Dataset entries:
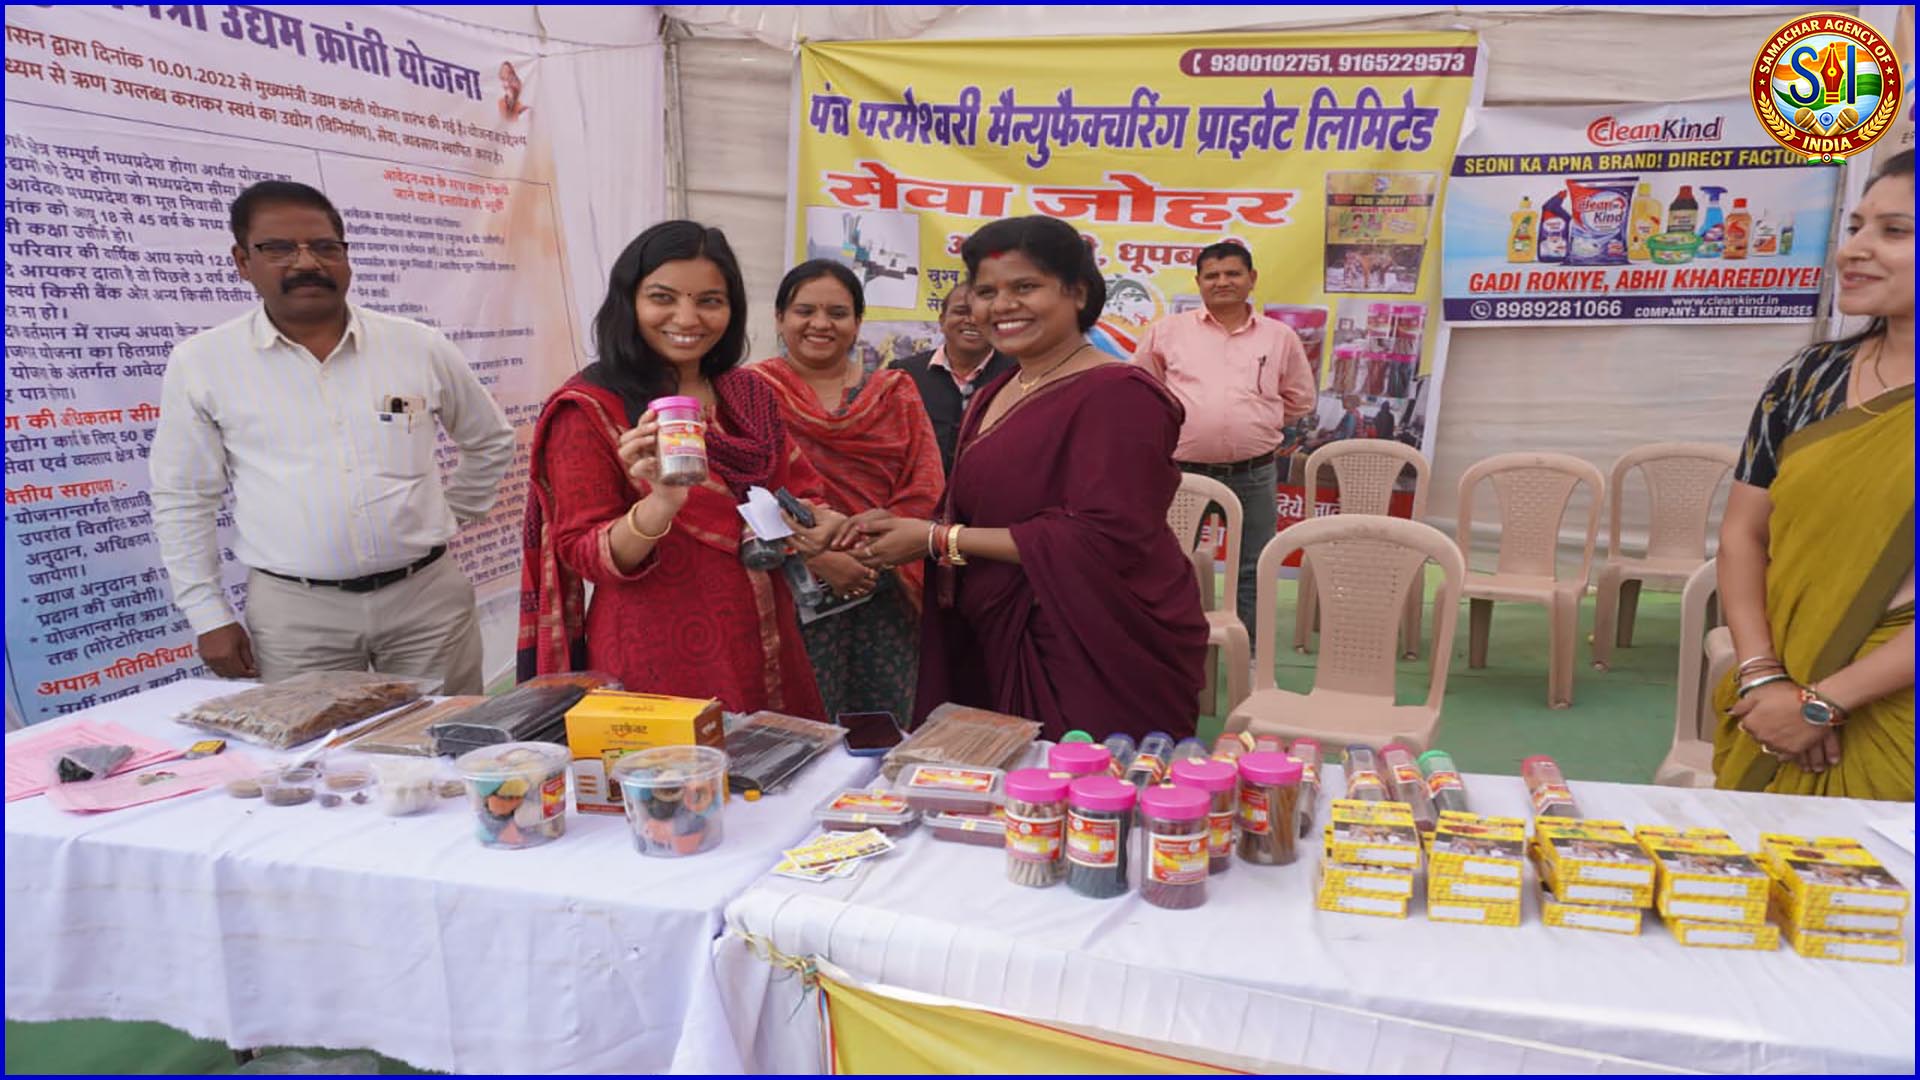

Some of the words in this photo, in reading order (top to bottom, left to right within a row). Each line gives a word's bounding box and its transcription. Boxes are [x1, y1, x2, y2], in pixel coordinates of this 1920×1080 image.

[6, 25, 45, 49] ासन
[50, 34, 87, 58] द्वारा
[91, 41, 144, 69] दिनांक
[148, 57, 236, 89] 10.01.2022
[238, 72, 252, 92] से
[256, 79, 309, 103] मुख्यमंत्री
[220, 5, 305, 56] उद्यम
[311, 21, 390, 77] क्रांती
[392, 40, 482, 100] योजना
[1210, 54, 1332, 73] 9300102751,
[1339, 53, 1465, 71] 9165229573
[5, 58, 44, 81] ध्यम
[49, 62, 66, 86] से
[71, 71, 107, 93] ऋण
[111, 79, 168, 104] उपलब्ध
[171, 90, 224, 113] कराकर
[225, 99, 256, 120] स्वयं
[259, 107, 278, 124] का
[280, 108, 313, 131] उद्योग
[809, 81, 852, 136] पंच
[857, 86, 982, 146] परमेश्वरी
[987, 86, 1190, 169] मैन्युफैक्चरिंग
[1197, 87, 1299, 160] प्राइवेट
[1304, 86, 1440, 152] लिमिटेड
[53, 145, 100, 165] सम्पूर्ण
[103, 151, 164, 172] मध्यप्रदेश
[168, 156, 197, 174] होगा
[1465, 157, 1514, 174] SEONI
[1520, 157, 1542, 173] KA
[1547, 156, 1593, 172] APNA
[1600, 153, 1663, 170] BRAND!
[1668, 151, 1735, 169] DIRECT
[88, 165, 121, 185] होगा
[124, 171, 143, 188] जो
[148, 176, 203, 195] मध्यप्रदेश
[207, 178, 236, 197] सीमा
[131, 190, 152, 207] का
[180, 194, 223, 214] निवासी
[826, 161, 1014, 218] सेवा
[1032, 172, 1293, 231] जोहर
[5, 197, 42, 215] नांक
[46, 198, 68, 217] को
[101, 210, 118, 224] 18
[121, 208, 135, 225] से
[138, 214, 156, 227] 45
[160, 212, 179, 229] वर्ष
[182, 213, 195, 228] के
[26, 222, 68, 239] कक्षा
[9, 239, 72, 259] परिवार
[77, 242, 99, 260] की
[208, 255, 235, 267] 12.0
[20, 265, 85, 279] आयकर
[195, 273, 202, 284] 3
[1469, 272, 1520, 292] GADI
[1526, 270, 1610, 294] ROKIYE,
[1615, 269, 1667, 290] ABHI
[1673, 267, 1821, 288] KHAREEDIYE!
[41, 282, 90, 300] किसी
[180, 287, 213, 303] किसी
[1672, 294, 1779, 306] www.cleankind.in
[19, 306, 36, 319] ना
[1495, 299, 1622, 318] 8989281066
[1634, 307, 1696, 318] COMPANY:
[1699, 306, 1735, 317] KATRE
[1737, 305, 1813, 317] ENTERPRISES
[72, 321, 88, 339] में
[92, 326, 130, 340] राज्य
[135, 324, 174, 339] अथवा
[38, 342, 81, 360] योजना
[87, 346, 112, 359] का
[122, 361, 166, 378] आवेद
[18, 387, 47, 402] पात्र
[26, 408, 56, 431] की
[120, 430, 137, 442] 50
[40, 453, 67, 473] एवं
[18, 525, 71, 547] उपरांत
[25, 545, 88, 568] अनुदान,
[28, 563, 87, 587] जायेगा।
[80, 574, 137, 598] अनुदान
[36, 609, 79, 628] प्रदान
[83, 598, 106, 617] की
[45, 611, 136, 646] योजनान्तर्गत
[46, 648, 79, 667] तक
[37, 669, 101, 697] अपात्र

What is being asked
Every line above is to be duplicated exactly; no picture should be carried over.

Exercise output
Some of the words in this photo, in reading order (top to bottom, left to right within a row). Each line gives a word's bounding box and its transcription. Boxes are [x1, y1, x2, y2], in pixel coordinates of this 1920×1080 image.

[6, 25, 45, 49] ासन
[50, 34, 87, 58] द्वारा
[91, 41, 144, 69] दिनांक
[148, 57, 236, 89] 10.01.2022
[238, 72, 252, 92] से
[256, 79, 309, 103] मुख्यमंत्री
[220, 5, 305, 56] उद्यम
[311, 21, 390, 77] क्रांती
[392, 40, 482, 100] योजना
[1210, 54, 1332, 73] 9300102751,
[1339, 53, 1465, 71] 9165229573
[5, 58, 44, 81] ध्यम
[49, 62, 66, 86] से
[71, 71, 107, 93] ऋण
[111, 79, 168, 104] उपलब्ध
[171, 90, 224, 113] कराकर
[225, 99, 256, 120] स्वयं
[259, 107, 278, 124] का
[280, 108, 313, 131] उद्योग
[809, 81, 852, 136] पंच
[857, 86, 982, 146] परमेश्वरी
[987, 86, 1190, 169] मैन्युफैक्चरिंग
[1197, 87, 1299, 160] प्राइवेट
[1304, 86, 1440, 152] लिमिटेड
[53, 145, 100, 165] सम्पूर्ण
[103, 151, 164, 172] मध्यप्रदेश
[168, 156, 197, 174] होगा
[1465, 157, 1514, 174] SEONI
[1520, 157, 1542, 173] KA
[1547, 156, 1593, 172] APNA
[1600, 153, 1663, 170] BRAND!
[1668, 151, 1735, 169] DIRECT
[88, 165, 121, 185] होगा
[124, 171, 143, 188] जो
[148, 176, 203, 195] मध्यप्रदेश
[207, 178, 236, 197] सीमा
[131, 190, 152, 207] का
[180, 194, 223, 214] निवासी
[826, 161, 1014, 218] सेवा
[1032, 172, 1293, 231] जोहर
[5, 197, 42, 215] नांक
[46, 198, 68, 217] को
[101, 210, 118, 224] 18
[121, 208, 135, 225] से
[138, 214, 156, 227] 45
[160, 212, 179, 229] वर्ष
[182, 213, 195, 228] के
[26, 222, 68, 239] कक्षा
[9, 239, 72, 259] परिवार
[77, 242, 99, 260] की
[208, 255, 235, 267] 12.0
[20, 265, 85, 279] आयकर
[195, 273, 202, 284] 3
[1469, 272, 1520, 292] GADI
[1526, 270, 1610, 294] ROKIYE,
[1615, 269, 1667, 290] ABHI
[1673, 267, 1821, 288] KHAREEDIYE!
[41, 282, 90, 300] किसी
[180, 287, 213, 303] किसी
[1672, 294, 1779, 306] www.cleankind.in
[19, 306, 36, 319] ना
[1495, 299, 1622, 318] 8989281066
[1634, 307, 1696, 318] COMPANY:
[1699, 306, 1735, 317] KATRE
[1737, 305, 1813, 317] ENTERPRISES
[72, 321, 88, 339] में
[92, 326, 130, 340] राज्य
[135, 324, 174, 339] अथवा
[38, 342, 81, 360] योजना
[87, 346, 112, 359] का
[122, 361, 166, 378] आवेद
[18, 387, 47, 402] पात्र
[26, 408, 56, 431] की
[120, 430, 137, 442] 50
[40, 453, 67, 473] एवं
[18, 525, 71, 547] उपरांत
[25, 545, 88, 568] अनुदान,
[28, 563, 87, 587] जायेगा।
[80, 574, 137, 598] अनुदान
[36, 609, 79, 628] प्रदान
[83, 598, 106, 617] की
[45, 611, 136, 646] योजनान्तर्गत
[46, 648, 79, 667] तक
[37, 669, 101, 697] अपात्र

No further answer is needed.